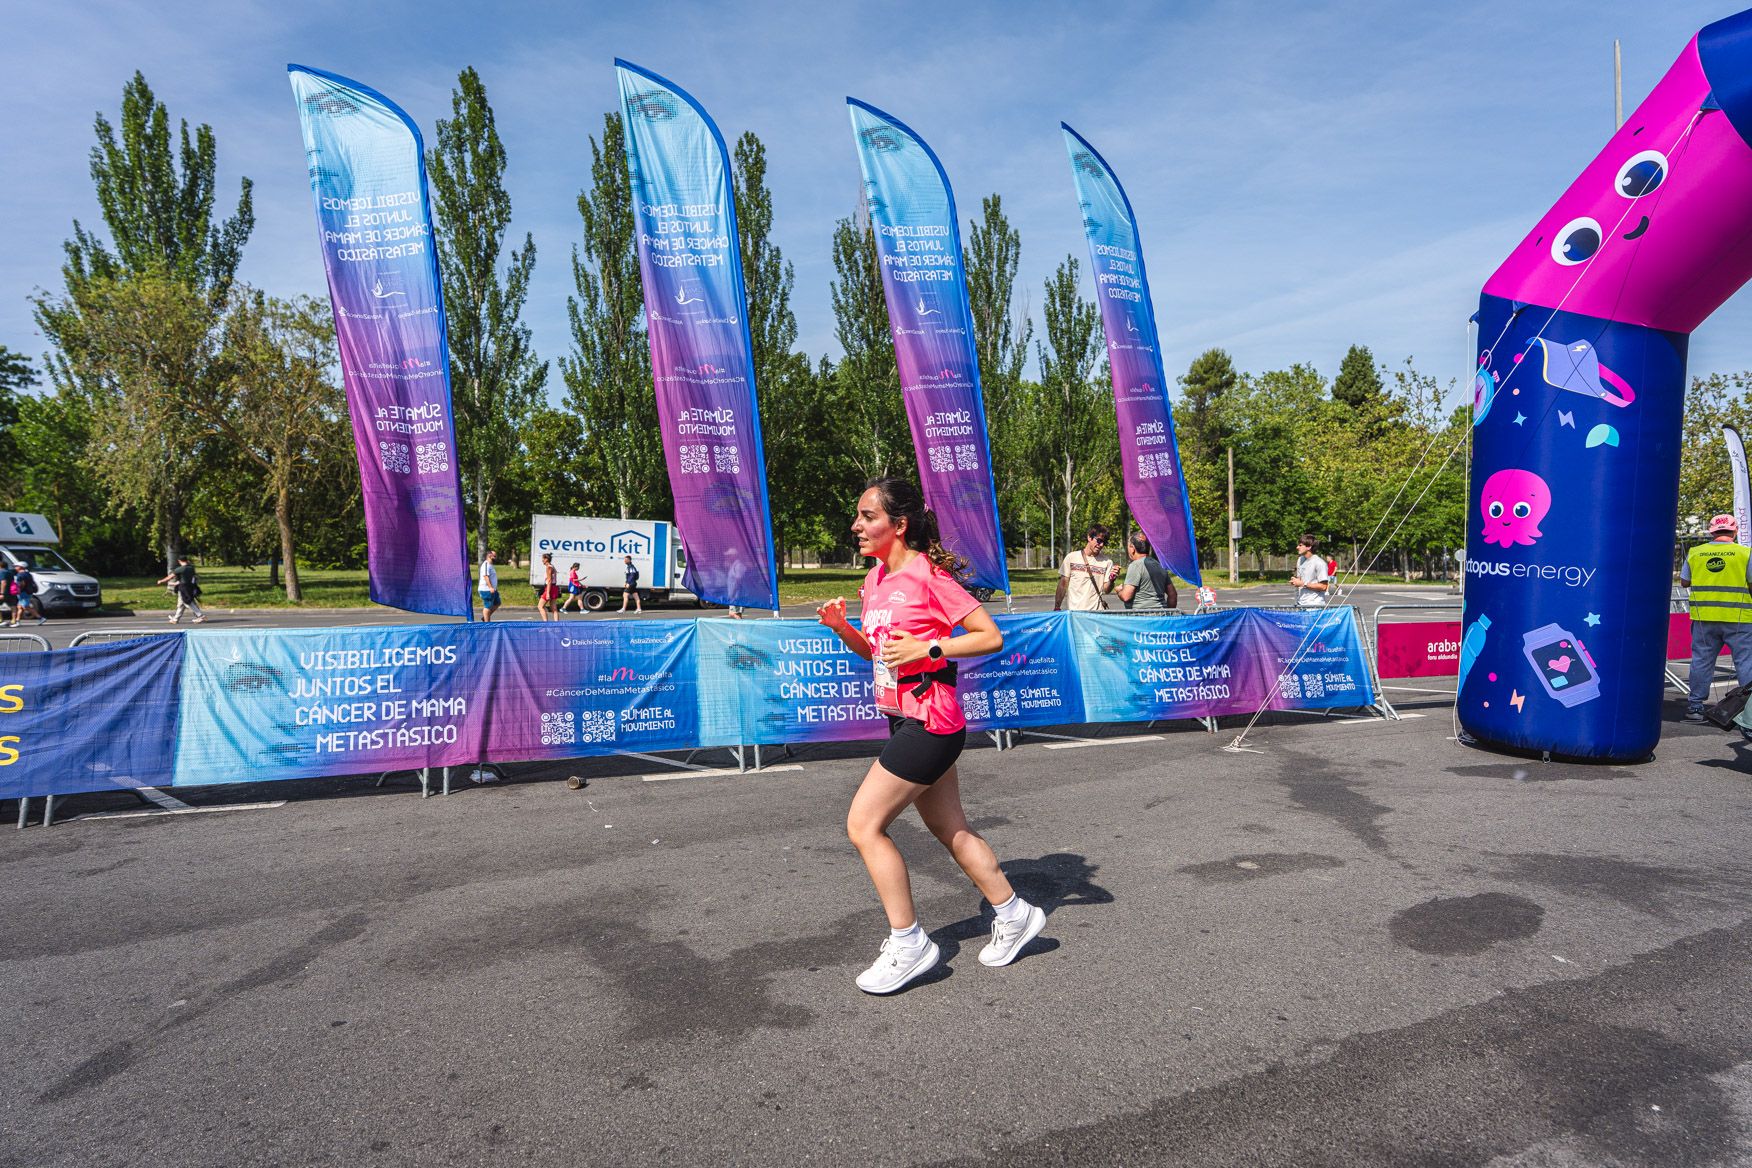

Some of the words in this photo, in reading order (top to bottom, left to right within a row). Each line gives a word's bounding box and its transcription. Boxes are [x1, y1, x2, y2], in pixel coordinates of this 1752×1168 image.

[539, 538, 606, 553] evento
[618, 539, 643, 554] kit
[1466, 558, 1510, 578] ctopus
[1512, 563, 1597, 587] energy
[1134, 628, 1220, 645] VISIBILICEMOS
[1427, 639, 1457, 652] araba
[300, 645, 457, 670] VISIBILICEMOS
[1132, 649, 1178, 662] JUNTOS
[1180, 648, 1196, 662] EL
[774, 660, 832, 675] JUNTOS
[837, 660, 855, 675] EL
[1139, 665, 1185, 683] CÁNCER
[1186, 666, 1202, 680] DE
[1202, 664, 1231, 679] MAMA
[288, 675, 371, 698] JUNTOS
[376, 674, 401, 694] EL
[781, 679, 839, 698] CÁNCER
[842, 682, 860, 698] DE
[1020, 686, 1050, 699] SÚMATE
[1154, 682, 1230, 703] METASTÁSICO
[295, 701, 376, 725] CÁNCER
[381, 701, 406, 721] DE
[411, 697, 466, 719] MAMA
[1021, 698, 1061, 709] MOVIMIENTO
[621, 706, 662, 721] SÚMATE
[664, 709, 674, 718] AL
[621, 720, 675, 732] MOVIMIENTO
[316, 723, 457, 753] METASTÁSICO
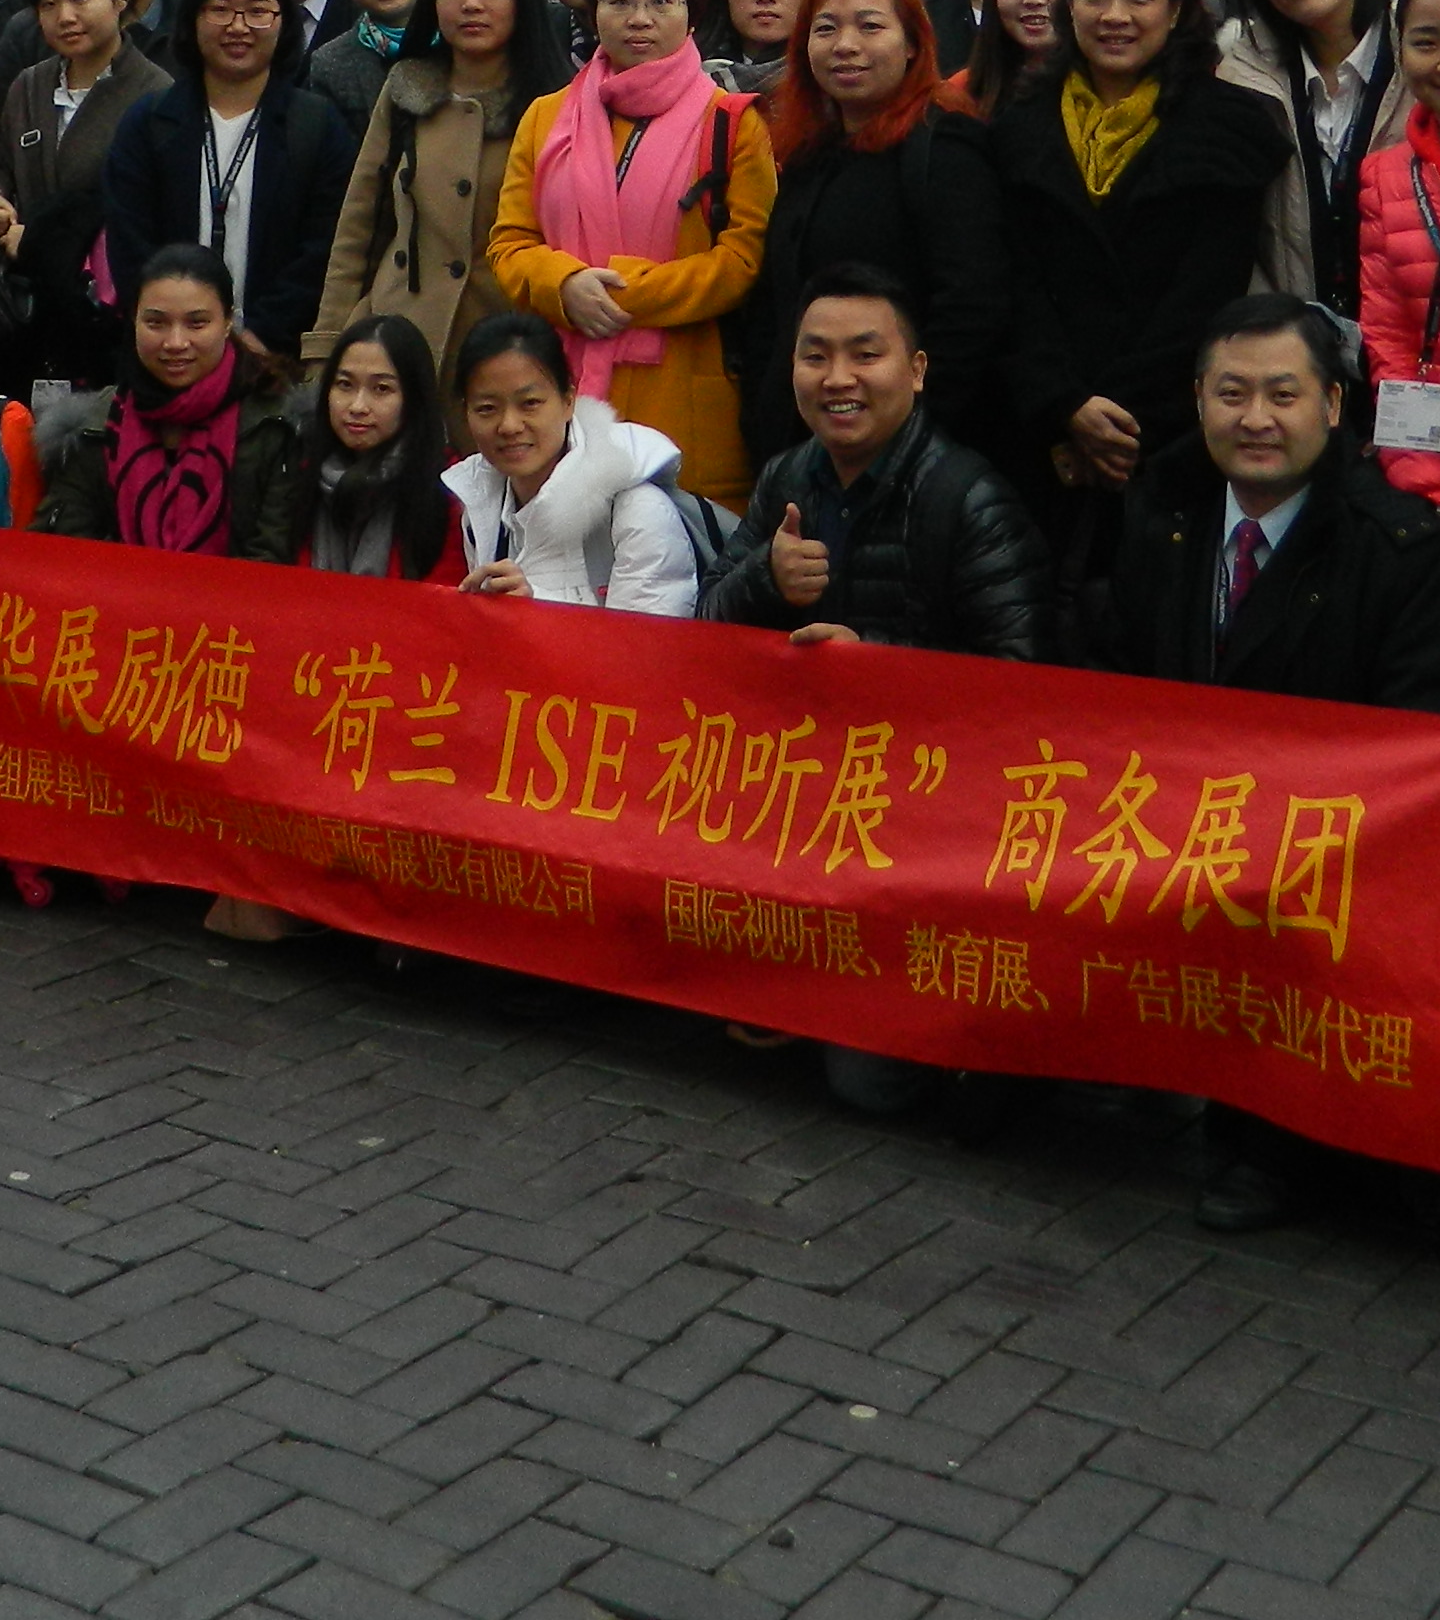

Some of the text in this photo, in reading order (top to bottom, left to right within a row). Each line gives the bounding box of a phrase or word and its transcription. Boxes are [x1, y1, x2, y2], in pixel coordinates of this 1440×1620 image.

[293, 640, 462, 794] “荷兰
[485, 688, 638, 821] ISE
[646, 697, 948, 874] 视听展”
[984, 739, 1367, 963] 商务展团
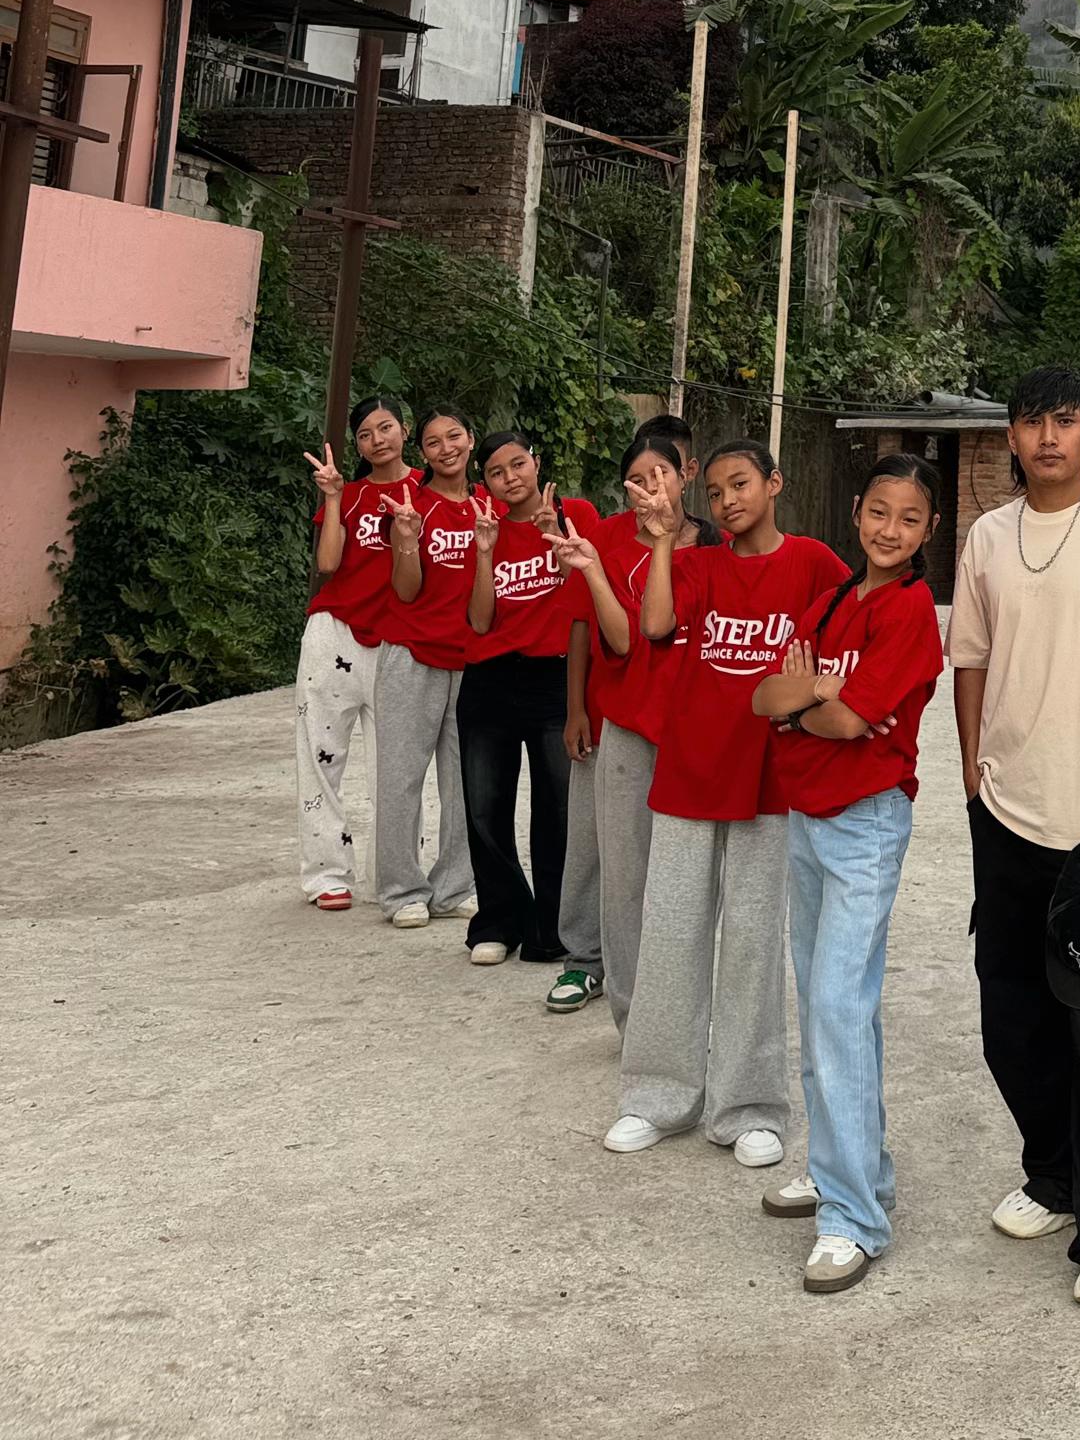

# [TASK DIRECTIONS]
Retype all of the entries exactly as written, leaving out any images.

# [RESPONSE TO THE TASK]
Some of the words in this photo, in reading order (top to bottom, left to right within a row). Each line gives a word's bounding box and its transcription. Boxes are [x1, y1, x2, y2], in pixel coordinates of this 1752×1168 image.

[539, 538, 606, 553] evento
[618, 539, 643, 554] kit
[1466, 558, 1510, 578] ctopus
[1512, 563, 1597, 587] energy
[1134, 628, 1220, 645] VISIBILICEMOS
[1427, 639, 1457, 652] araba
[300, 645, 457, 670] VISIBILICEMOS
[1132, 649, 1178, 662] JUNTOS
[1180, 648, 1196, 662] EL
[774, 660, 832, 675] JUNTOS
[837, 660, 855, 675] EL
[1139, 665, 1185, 683] CÁNCER
[1186, 666, 1202, 680] DE
[1202, 664, 1231, 679] MAMA
[288, 675, 371, 698] JUNTOS
[376, 674, 401, 694] EL
[781, 679, 839, 698] CÁNCER
[842, 682, 860, 698] DE
[1020, 686, 1050, 699] SÚMATE
[1154, 682, 1230, 703] METASTÁSICO
[295, 701, 376, 725] CÁNCER
[381, 701, 406, 721] DE
[411, 697, 466, 719] MAMA
[1021, 698, 1061, 709] MOVIMIENTO
[621, 706, 662, 721] SÚMATE
[664, 709, 674, 718] AL
[621, 720, 675, 732] MOVIMIENTO
[316, 723, 457, 753] METASTÁSICO

Some of the text in this photo, in reading order (top to bottom, left to right within a row). Each line gives the bounding box of a phrase or word and its transcription. Boxes are [x1, y1, x2, y2], in pixel coordinates of this 1440×1620 image.

[293, 640, 462, 794] “荷兰
[485, 688, 638, 821] ISE
[646, 697, 948, 874] 视听展”
[984, 739, 1367, 963] 商务展团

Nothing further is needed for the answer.